"BAD PAPER: The Bursting of the Fiction Bubble"

read it here.

July 17, 2010

The Wrong Kind of Snow

British playwright David Hare on James Wood:

How can there be a wrong way to make good art? And, indeed, what point does criticism serve when it asserts only “This is not the sort of thing of which I approve”? When a literary critic such as James Wood twists himself into a pretzel explaining exactly why the novel he has under review is the wrong kind of good novel, he sounds like nothing so much as a Railtrack official railing against the wrong kind of snow.

(h/t)

3 comments:

Chris said...

Brilliant. Thank you David Hare.

You might want to have a peak at Nigel Beale's blog, Edmond, if you haven't seen it already. There's quite a hornet's nest stirred up here:

http://nigelbeale.com/2010/06/16/the-woefully-incompetent-and-pugnacious-andre-alexis/

and here:

http://nigelbeale.com/2010/07/13/wood-a-realist-really/

Nigel didn't take kindly to my defense of your blog or my (or Andre Alexis') opinion of Wood's writing. Alexis' comments and his original essay Beale references are well worth reading, anyway.

Edmond Caldwell said...

Thanks for the comment, Chris, and for fighting the good fight over at Nigel's. I don't think you're ever going to get much of a good argument out of him, however; he's more into "appreciation" than analysis when it comes to Wood, and doesn't really stoop to address or refute specific claims. Plus he's congenitally dyslexic and suffers from a host of aphasias acquired when a shelf of Reader's Digest Condensed Books fell on his head during one of his used bookstore junkets, so actually understanding what he reads is an issue as well.

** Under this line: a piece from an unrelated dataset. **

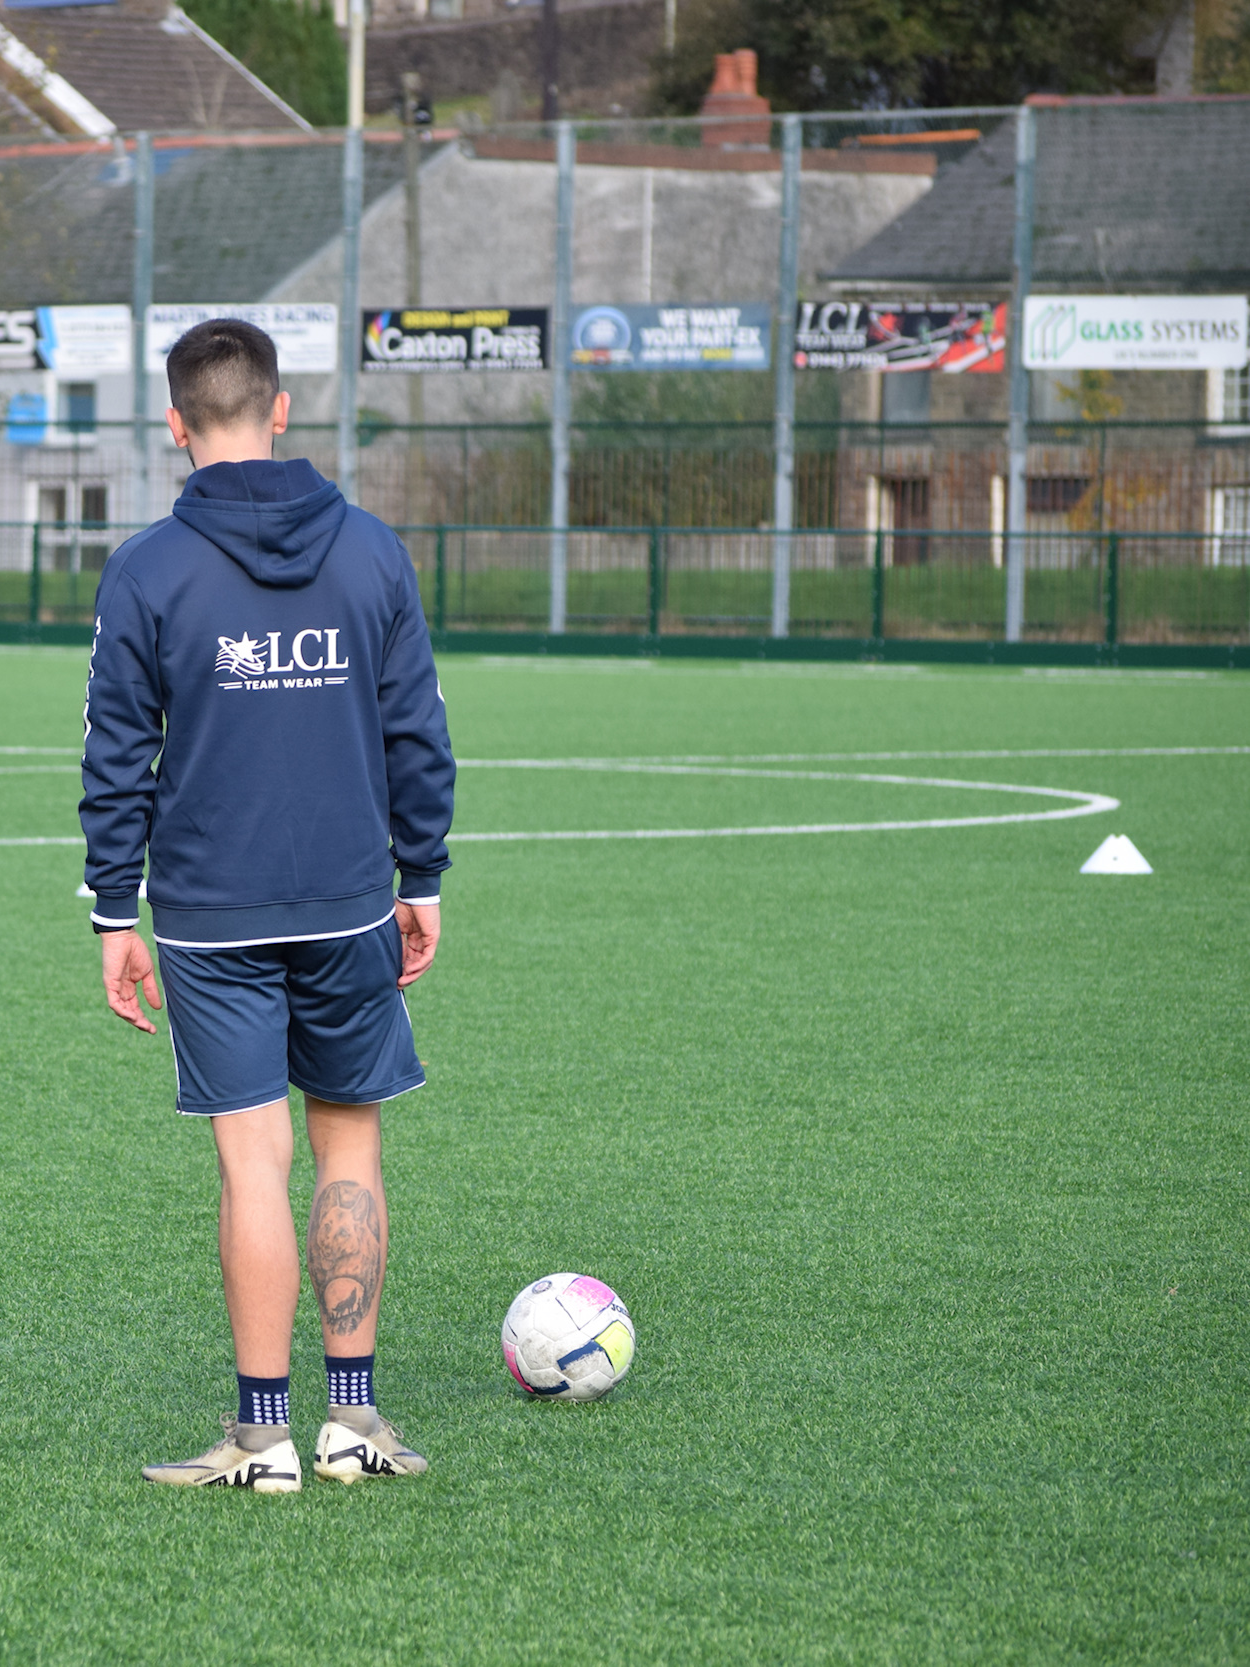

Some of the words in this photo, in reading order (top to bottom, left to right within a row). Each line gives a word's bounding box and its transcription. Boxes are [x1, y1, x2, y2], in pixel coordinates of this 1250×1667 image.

I'm considering writing up a critique of Jensen's fawning piece in Quarterly Conversation (which usually doesn't publish such shoddy stuff, or at least didn't before its pages became laden with Google ads), which of course contains the passage about Beckett that Nigel uses as the centerpiece of his post. I hope you'll stay tuned!

A. Ominous said...

I like "appreciation" as a metaphor for the fellatic arts.